No estaba muy segura de ello, pero la idea de tener un centinela aguardando se me antojó enormemente incómoda, así que, con la escolta despachada, completé mis necesidades, repasé mi atuendo, me retoqué el pelo y me dispuse a salir. Pero me faltó el ánimo, me fallaron las fuerzas para enfrentarme de nuevo a la realidad. Decidí entonces regalarme unos minutos, unos instantes de soledad. Abrí la ventana y por ella entró la noche de África con olor a jazmín. Me senté en el alféizar y contemplé la sombra de las palmeras, a mis oídos llegó el sonido lejano de las conversaciones en el jardín delantero. Me entretuve sin hacer nada, saboreando la quietud y dejando que las preocupaciones se disiparan. En alguna esquina remota de mi cerebro, sin embargo, noté al cabo de un rato una llamada. Toc, toc, hora de regresar. Suspiré, me levanté y cerré la ventana. Había que volver al mundo. A mezclarme con aquellas almas con las que tan poco tenía que ver, a la cercanía del extranjero que me había arrastrado a aquella absurda fiesta y me había pedido el más extravagante de los favores. Contemplé por última vez mi imagen en el espejo, apagué la luz y salí.
Avancé por el pasillo oscuro, recorrí un recodo, otro luego, creí andar orientada. Me di entonces de bruces con una puerta doble que no creía haber visto antes. La abrí y tras ella hallé una sala oscura y vacía. Me había equivocado, ciertamente, así que opté por corregir el rumbo. Nuevo pasillo, ahora a la izquierda creí recordar. Pero erré de nuevo y me adentré en una zona menos noble, sin frisos de madera abrillantada ni generales al óleo en las paredes; es probable que avanzara camino de alguna zona de servicio. Tranquila, me dije sin gran convencimiento. La escena de la noche de las pistolas envuelta en un jaique y perdida por las callejuelas de la medina aleteó de pronto sobre mí. Me deshice de ella, retorné la atención a lo inmediato y cambié el rumbo una vez más.
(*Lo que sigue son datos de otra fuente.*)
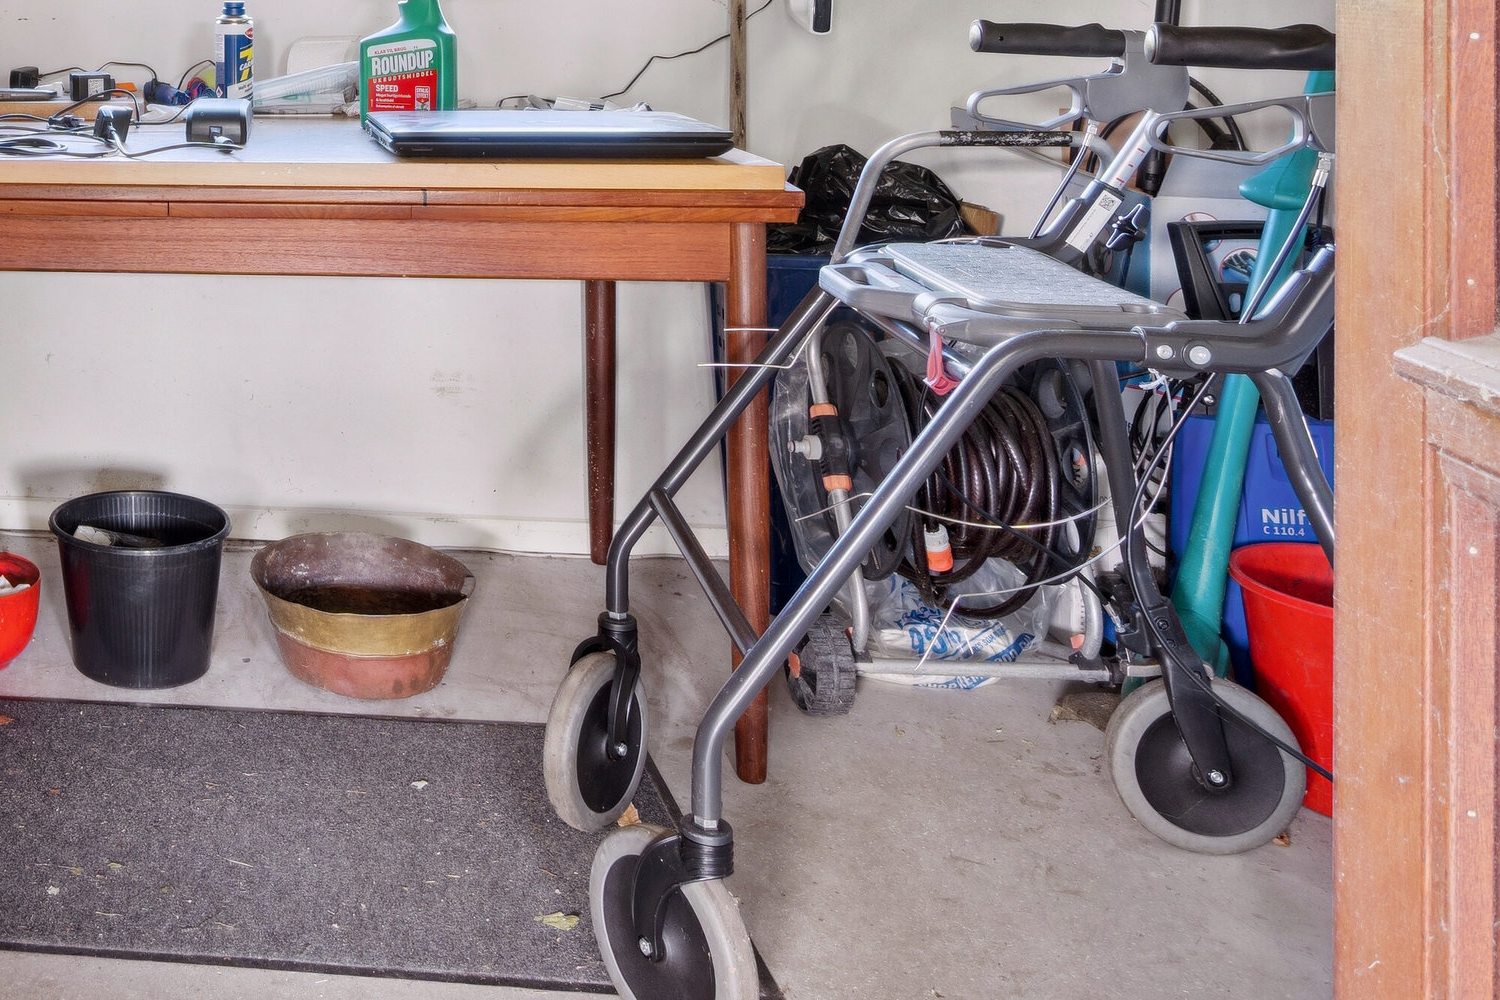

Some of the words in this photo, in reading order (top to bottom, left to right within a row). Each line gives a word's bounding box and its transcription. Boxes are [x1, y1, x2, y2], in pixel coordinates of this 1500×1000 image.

Y de pronto me encontré de nuevo en el punto de partida, junto al aseo. Falsa alarma, pues: ya no estaba perdida. Rememoré el momento de la llegada acompañada por el soldado y me ubiqué. Todo claro, problema resuelto, pensé encaminándome a la salida. Efectivamente, todo volvió a resultarme familiar. Una vitrina con armas antiguas, fotografías enmarcadas, banderas colgantes. Todo lo había percibido minutos atrás, todo era ya reconocible. Incluso las voces que sonaron tras el recodo que me disponía a doblar: las mismas que había oído en el jardín en la ridícula escena de la polvera.